Ta maman est l’unique héritière de ses parents et ton père recevra de la même façon des biens familiaux.

Ton frère Désiré, qui a tout appris du métier de matelassier auprès de votre grand-père maternel, Désiré Jospin, va tout naturellement, à l’âge de 16 ans, reprendre l’activité au décès de celui-ci. Bientôt, ce grand frère va quitter la maison, il a une amoureuse : Catherine Comien. Il l’épouse l’année de tes onze ans. Tu deviendras très vite la tante de plusieurs garçonnets.

 

Uhlan

Quelle fut ta réaction à l’arrivée des Prussiens, dans le village, en janvier 1871 ?

Ces terribles uhlans qui semaient la panique sur leur passage !

Ces « sauvages » qui avaient défait, à Saint-Quentin, l’Armée du Nord, commandée par le Général Faidherbe, pourchassaient les fuyards. Ils cantonnaient dans les communes, pillant à l’envi les récoltes et les vivres, vidaient les caves jusqu’à l’ivresse et molestaient les populations.

Heureusement, leur présence dans le village ne dura qu’une semaine.

Les éléments de l’état civil ne permettent pas de situer l’adresse exacte du domicile familial, en dehors de « rue de Cambrai ».

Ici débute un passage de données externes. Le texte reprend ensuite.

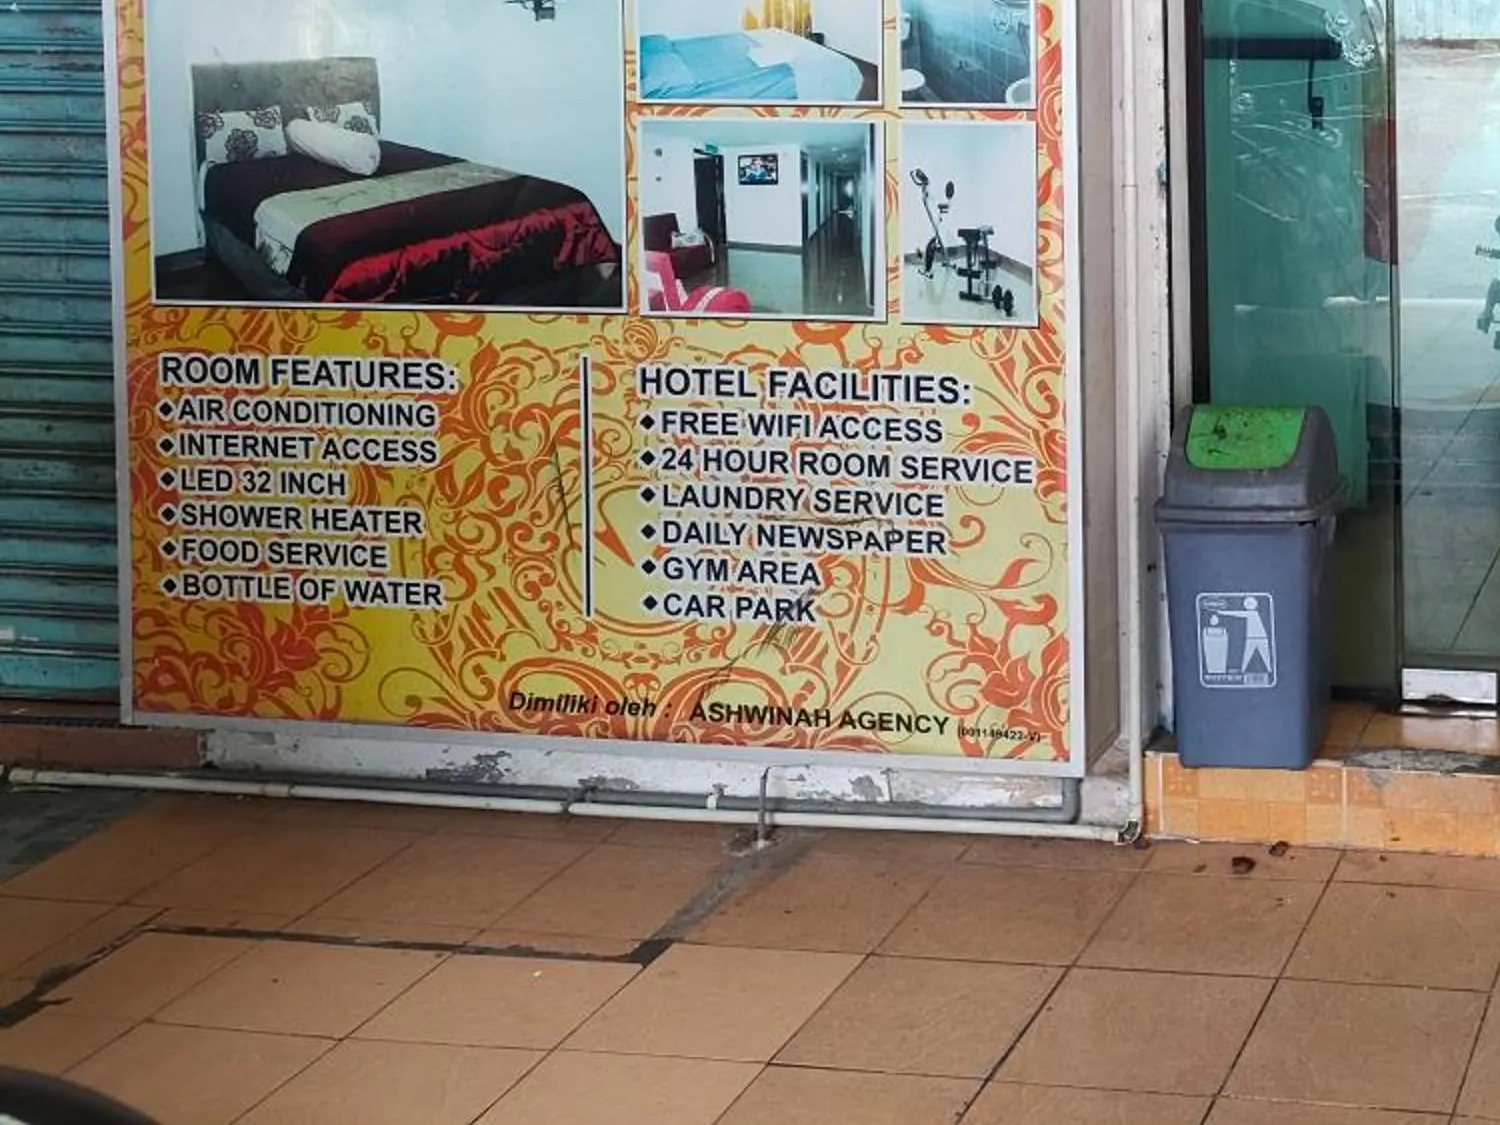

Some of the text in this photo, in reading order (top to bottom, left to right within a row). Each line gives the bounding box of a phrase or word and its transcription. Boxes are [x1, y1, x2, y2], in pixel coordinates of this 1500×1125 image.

Cependant, je suis en possession de l’acte d’achat, en 1854 par les parents d’Adolphine Jospin, mon arrière-arrière-grand-mère, d’une maison, et du terrain, «  sise à Bertry, à proximité du temple protestant, tenant d’une lisière à Pierre Jph Meresse et Philippe Rousseau, d’autre à Jean Bste Jospin et François Vis et d’un bout au temple protestant ». Cet achat provient de la vente par adjudication effectuée par Mme Rosalie Haimel veuve de Valentin Poulain.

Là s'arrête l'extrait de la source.